The exact impact is difficult to estimate as we need to assess the impact of delays to each step from detection to diagnosis and eventual treatment.  This is linked to how long the disruption lasts for (and so duration of second wave / success of the vaccine program) and the pace of any “catch-up” program the NHS is able to implement post COVID.

In addition, many of the patients who began treatment in 2020 will be using different treatment methods to mitigate COVID-19 risks (e.g. switching treatment to radiotherapy rather than surgery and making earlier use of stereotactic radiotherapy). The impact of these treatment changes will only be known in the months and years to come.

Impact on other services

Although we have focused on cancer pathways above, other treatment services have seen similar impacts, including those relating to heart disease and dementia (the other major causes of death at older ages).

Heart disease: Some 28,000 heart procedures had been postponed in England, while numbers attending A&E with suspected heart attacks also fell by 50% over March.

Dementia: Both primary care and specialist services to diagnose dementia have been impacted by COVID-19. Rates of dementia diagnosis have dipped, and concerns have been raised about the impact on undiagnosed dementia sufferers not being able to access the necessary interventions and subsequent support services.

Many dementia sufferers live in care homes, and so have experienced social isolation during the stringent lockdowns. Prolonged periods without visitors, or at best much reduced visiting, can be a significant factor in deterioration of their condition, as well as the increased stress and confusion that comes with changes to routines, staff wearing masks, inability to ‘walk about’ etc. 
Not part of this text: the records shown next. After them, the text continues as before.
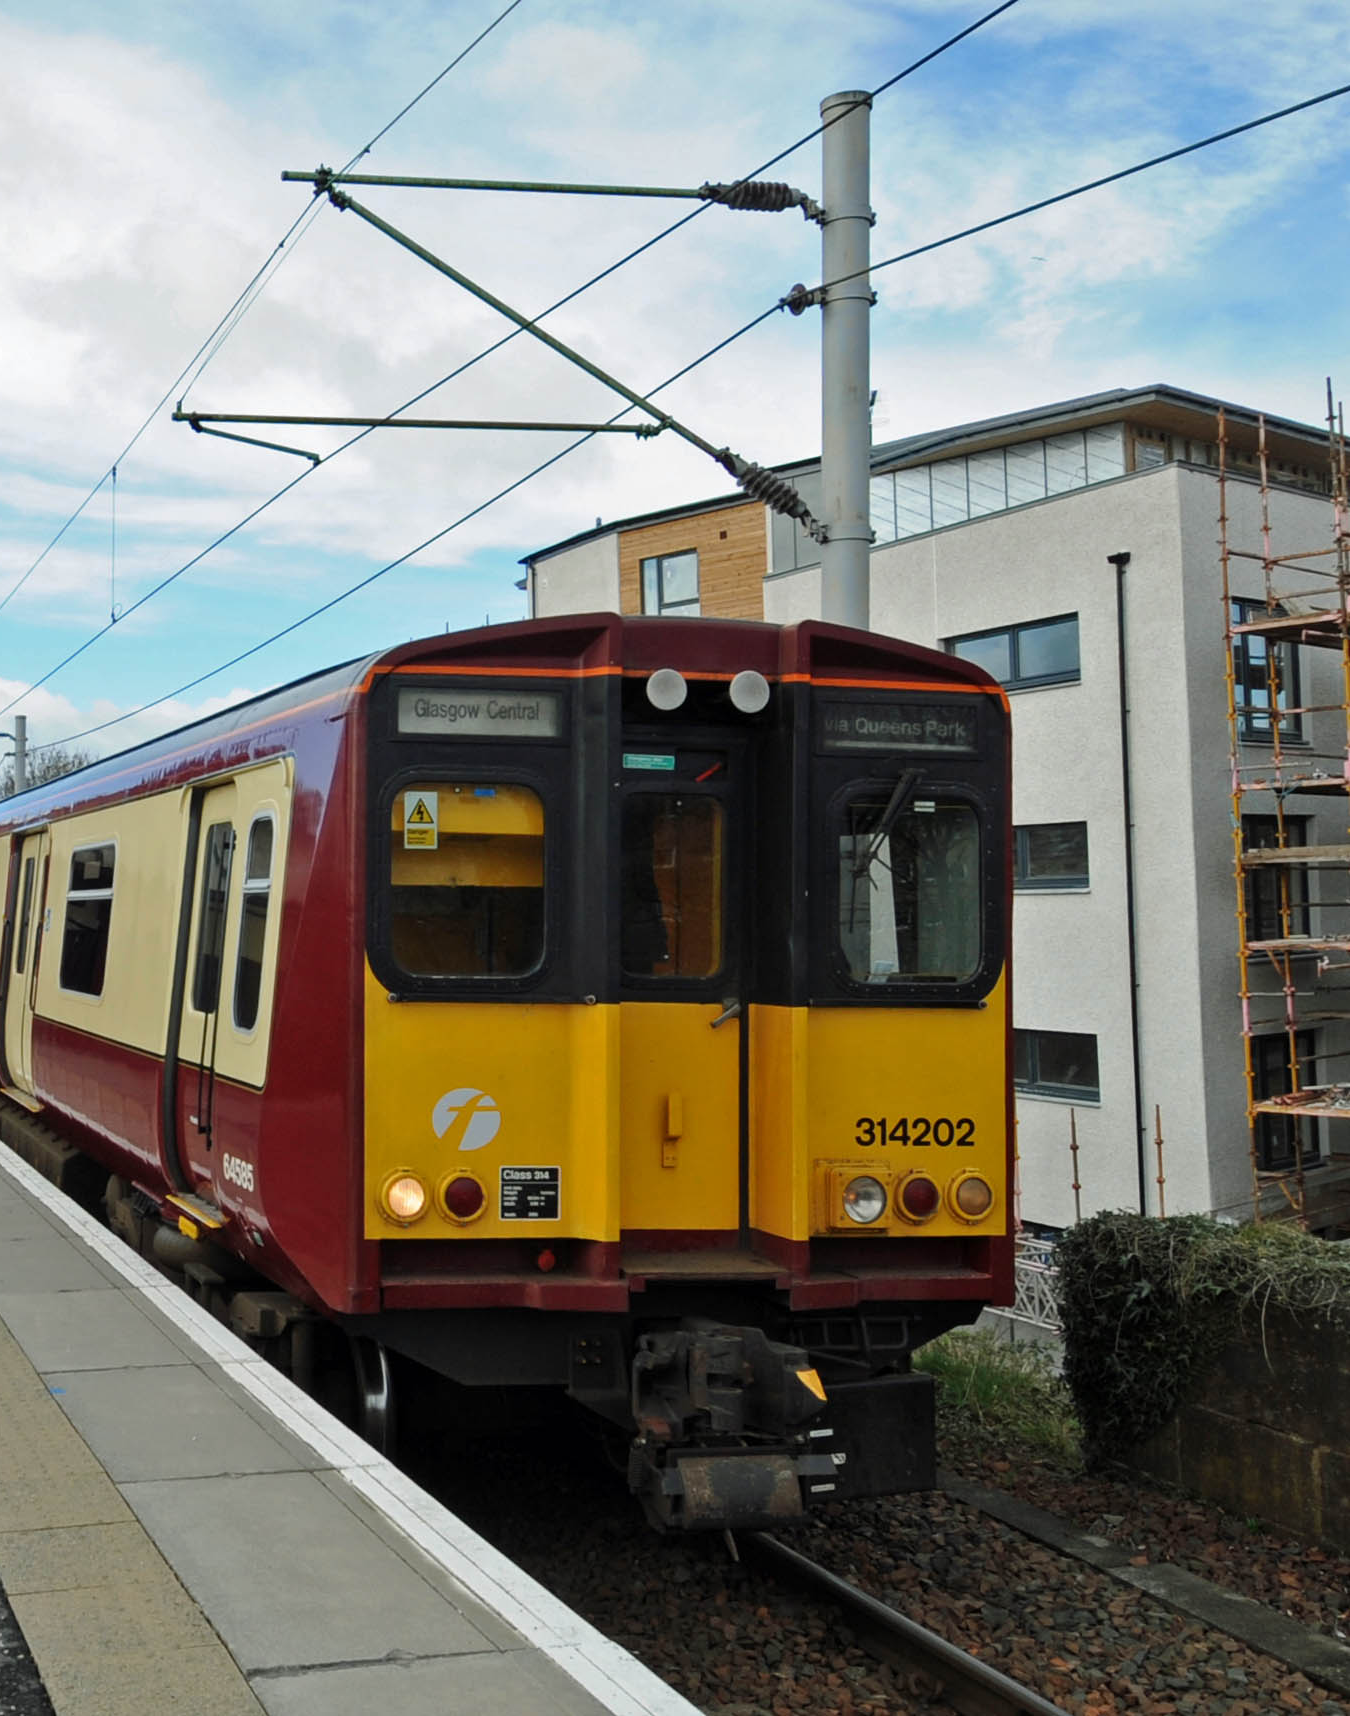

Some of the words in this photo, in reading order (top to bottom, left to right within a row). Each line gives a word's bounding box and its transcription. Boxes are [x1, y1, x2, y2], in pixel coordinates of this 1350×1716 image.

[414, 698, 480, 722] Glasgow
[486, 700, 540, 721] Central
[824, 718, 849, 732] via
[855, 717, 922, 736] Queens
[925, 720, 967, 737] Park
[855, 1117, 975, 1147] 314202
[223, 1152, 254, 1192] 64585
[503, 1170, 532, 1180] Class
[534, 1171, 550, 1180] 314
Combatting the disruption backlog

The widespread cancellation and postponement of treatments, combined with drops in diagnosis rates, has led to a substantial backlog as services begin to resume and people are encouraged to seek medical advice as necessary. Estimating the total impact of the disruption to services requires consideration of the scale of disruption to date, a view on how long it will continue, and the extent to which the developing winter wave of the pandemic will further disrupt services.

The NHS has been implementing the third phase of its response to COVID-19, seeking to accelerate the return to near-normal levels of non COVID-19 health services and make fullest use of the capacity available to clear some of this backlog before the anticipated winter demand pressures.  Despite these efforts, with approximately four million people in England waiting for NHS treatment prior to the pandemic, it is likely that waiting times will get materially worse in the short-medium term. Recent developments with the new more infectious variant, and the tighter nationwide restrictions now in place, as well as the need to resource rollout of the vaccines, will further stretch limited resources.
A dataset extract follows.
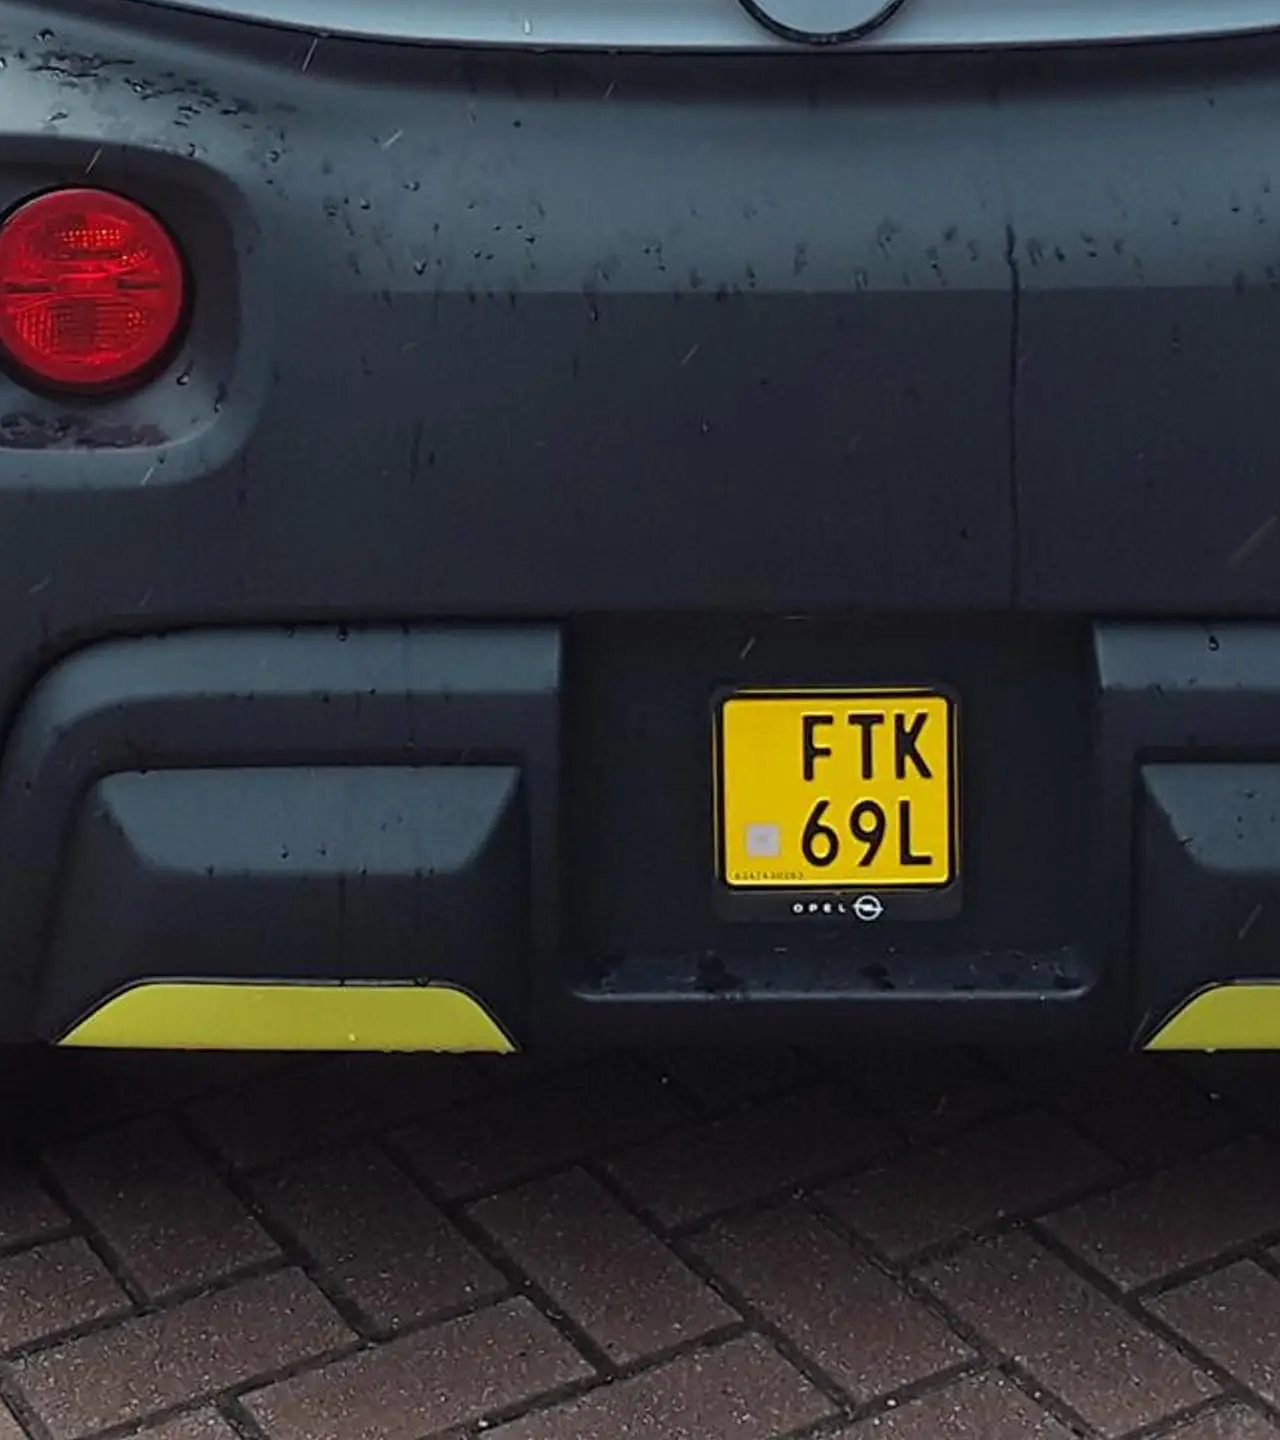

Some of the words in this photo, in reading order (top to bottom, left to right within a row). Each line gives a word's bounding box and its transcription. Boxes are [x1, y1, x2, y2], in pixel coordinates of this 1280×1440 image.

[803, 712, 933, 781] FTK
[801, 798, 934, 868] 69L
[792, 902, 846, 914] OPEL
Options to clear the backlog include:

  • Making greater use of the private sector;
  • Increasing hospital capacity by extending operative hours (although this has knock-on implications for medical and other staffing requirements); and
  • Making extended use of, for example, the ‘Nightingale’ medical facilities.

Ultimately though, capacity has a human constraint with regards to the number of trained clinicians able to deliver the services, and so it will take many months, if not years, to clear the backlog.

Tragically it appears inevitable that we will be feeling the disruptive impact of the pandemic for many years to come.